## Activity
Transcribe exactly the line containing "this 1280×1693 image." and the remaining lines of the listing below, through the very last.
====== Supplied material ======
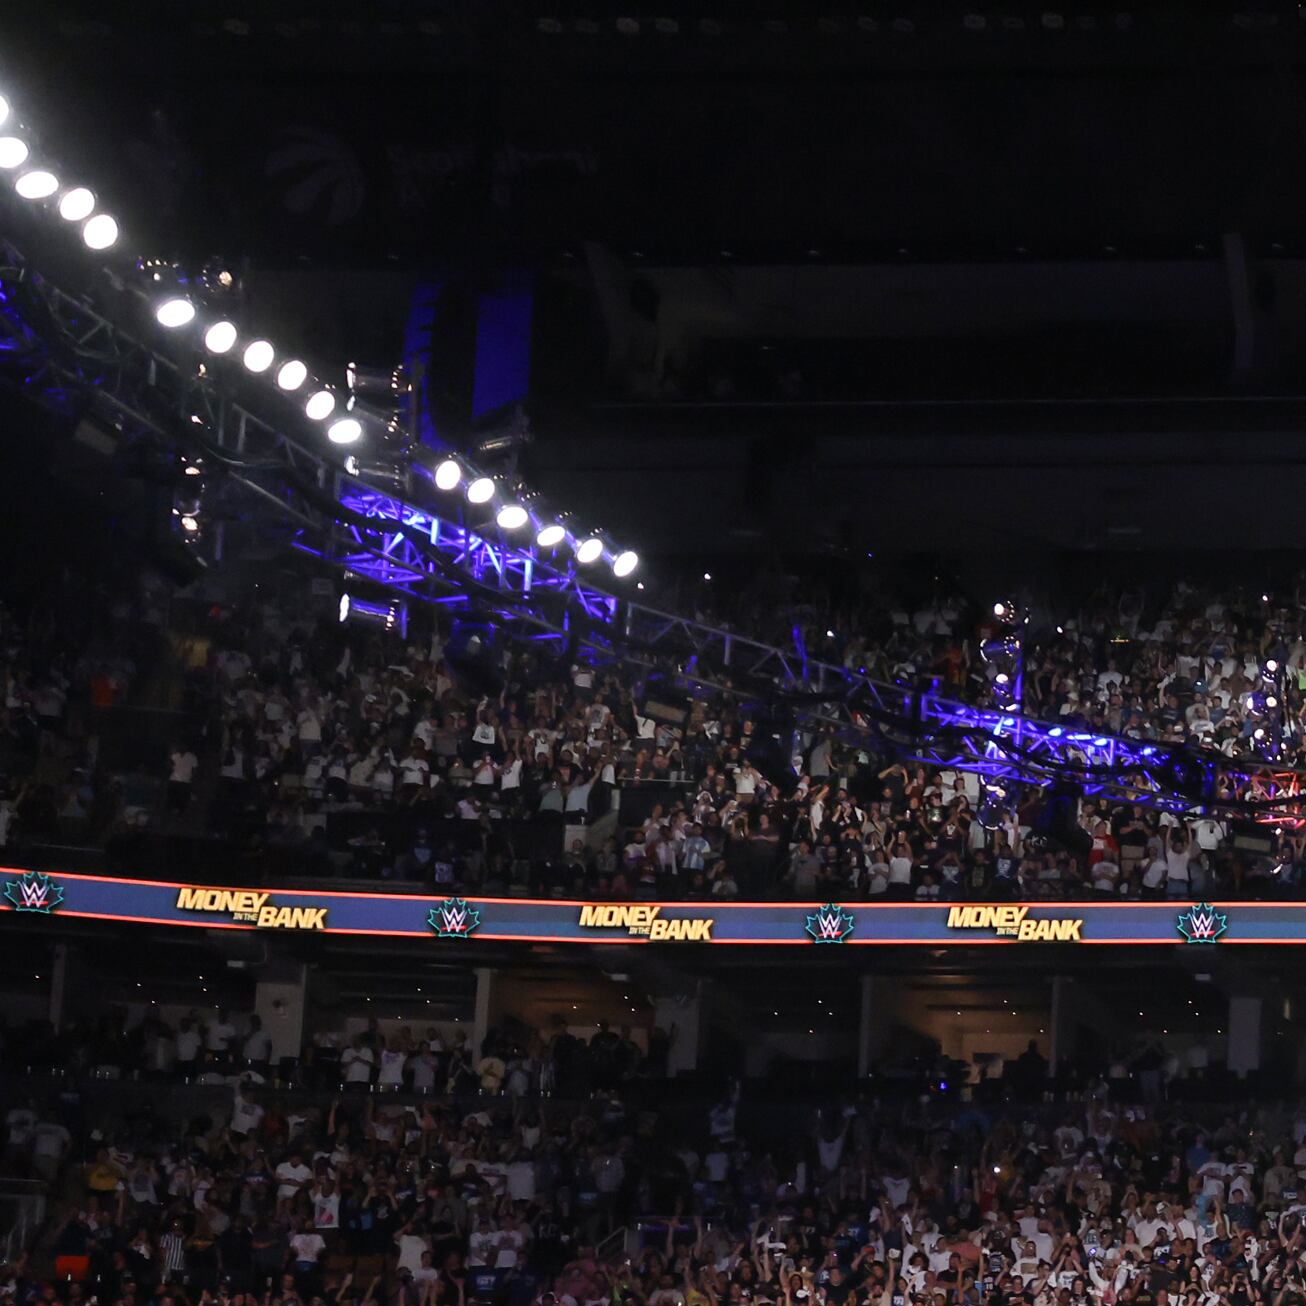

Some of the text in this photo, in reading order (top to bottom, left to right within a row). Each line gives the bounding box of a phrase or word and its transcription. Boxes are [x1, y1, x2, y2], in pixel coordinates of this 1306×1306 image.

[177, 887, 269, 913] MONEY
[257, 907, 327, 929] BANK
[579, 906, 661, 926] MONEY
[650, 919, 713, 940] BANK
[947, 906, 1029, 927] MONEY
[1018, 920, 1082, 940] BANK
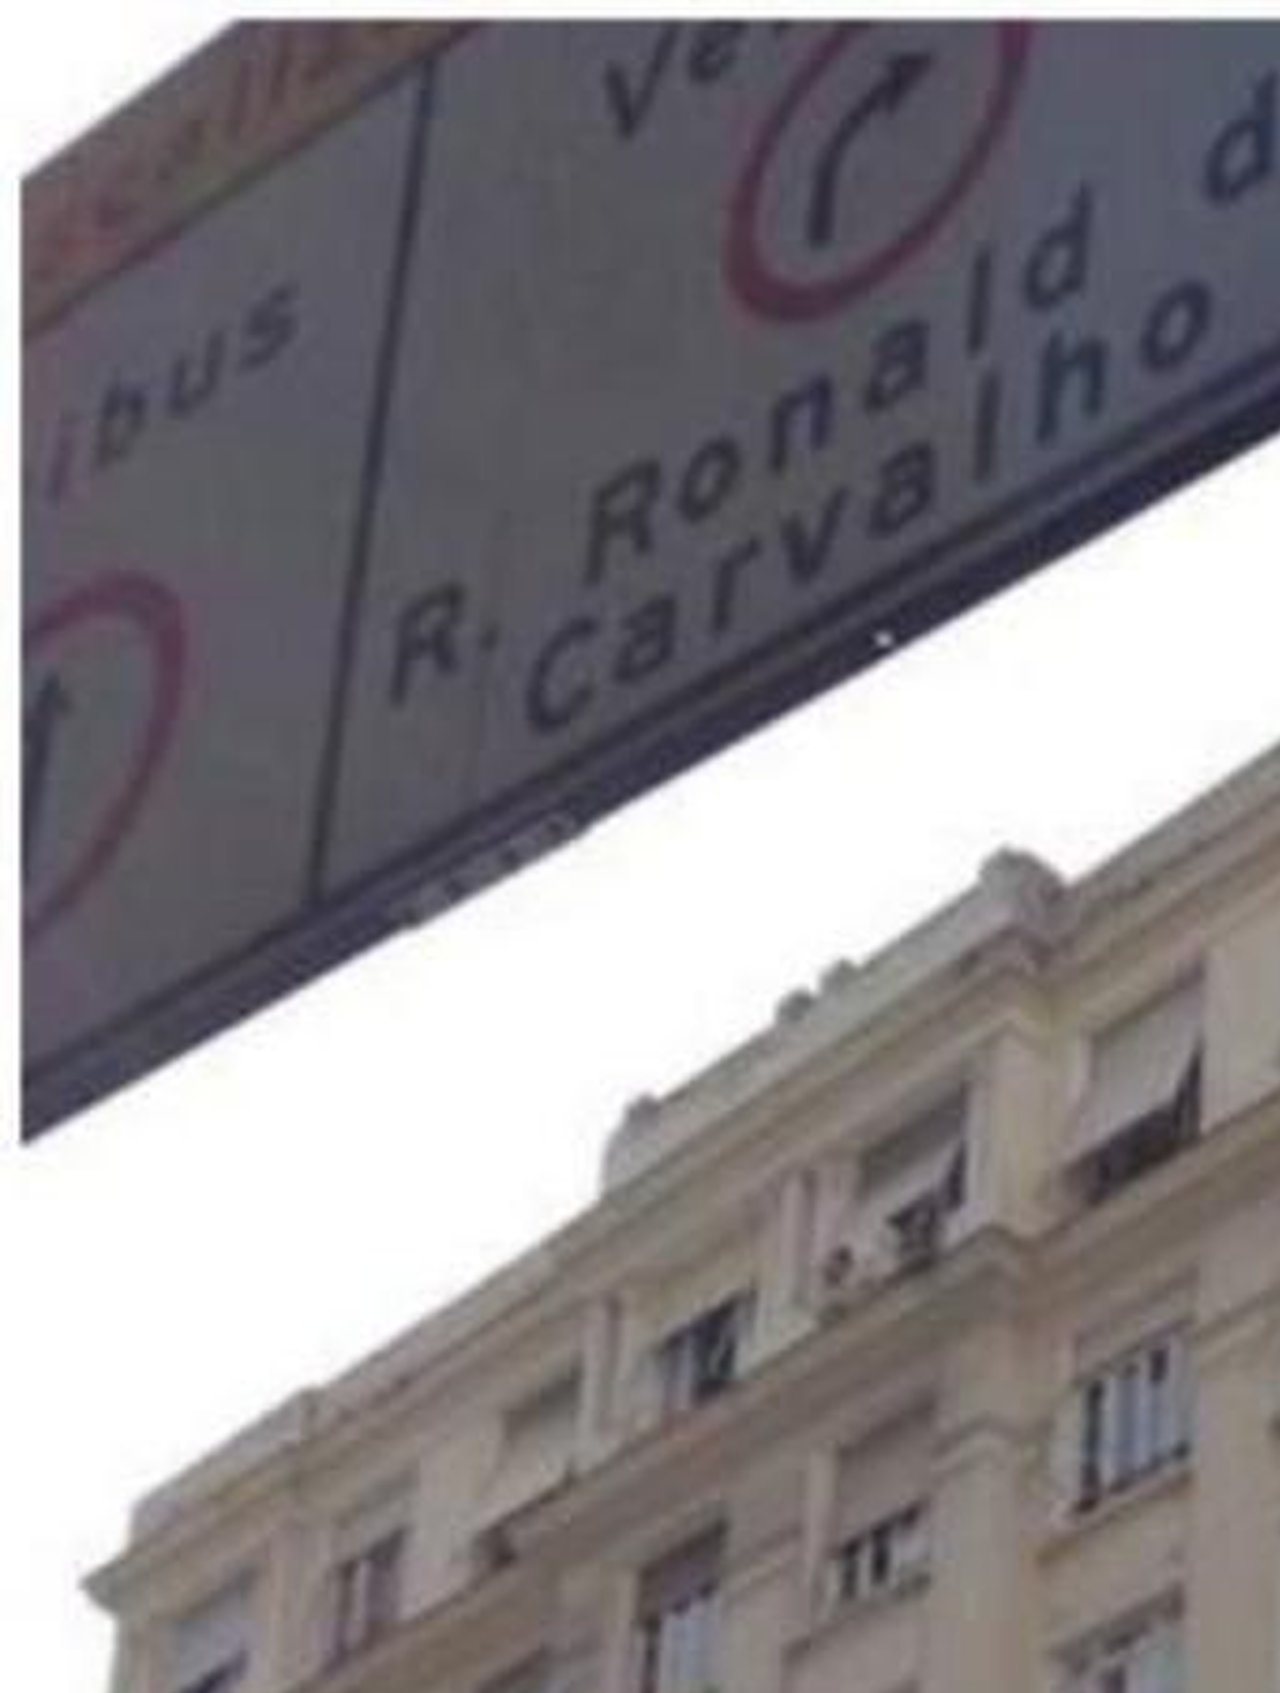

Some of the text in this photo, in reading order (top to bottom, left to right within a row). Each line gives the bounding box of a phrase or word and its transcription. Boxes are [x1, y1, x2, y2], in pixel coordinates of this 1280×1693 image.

[606, 22, 790, 140] Ve
[42, 280, 302, 510] ibus
[388, 580, 502, 708] R.
[584, 181, 1097, 586] Ronald
[523, 281, 1213, 735] Carvalho
======
## Exercise output
Some of the text in this photo, in reading order (top to bottom, left to right within a row). Each line gives the bounding box of a phrase or word and its transcription. Boxes are [x1, y1, x2, y2], in pixel coordinates of this 1280×1693 image.

[606, 22, 790, 140] Ve
[42, 280, 302, 510] ibus
[388, 580, 502, 708] R.
[584, 181, 1097, 586] Ronald
[523, 281, 1213, 735] Carvalho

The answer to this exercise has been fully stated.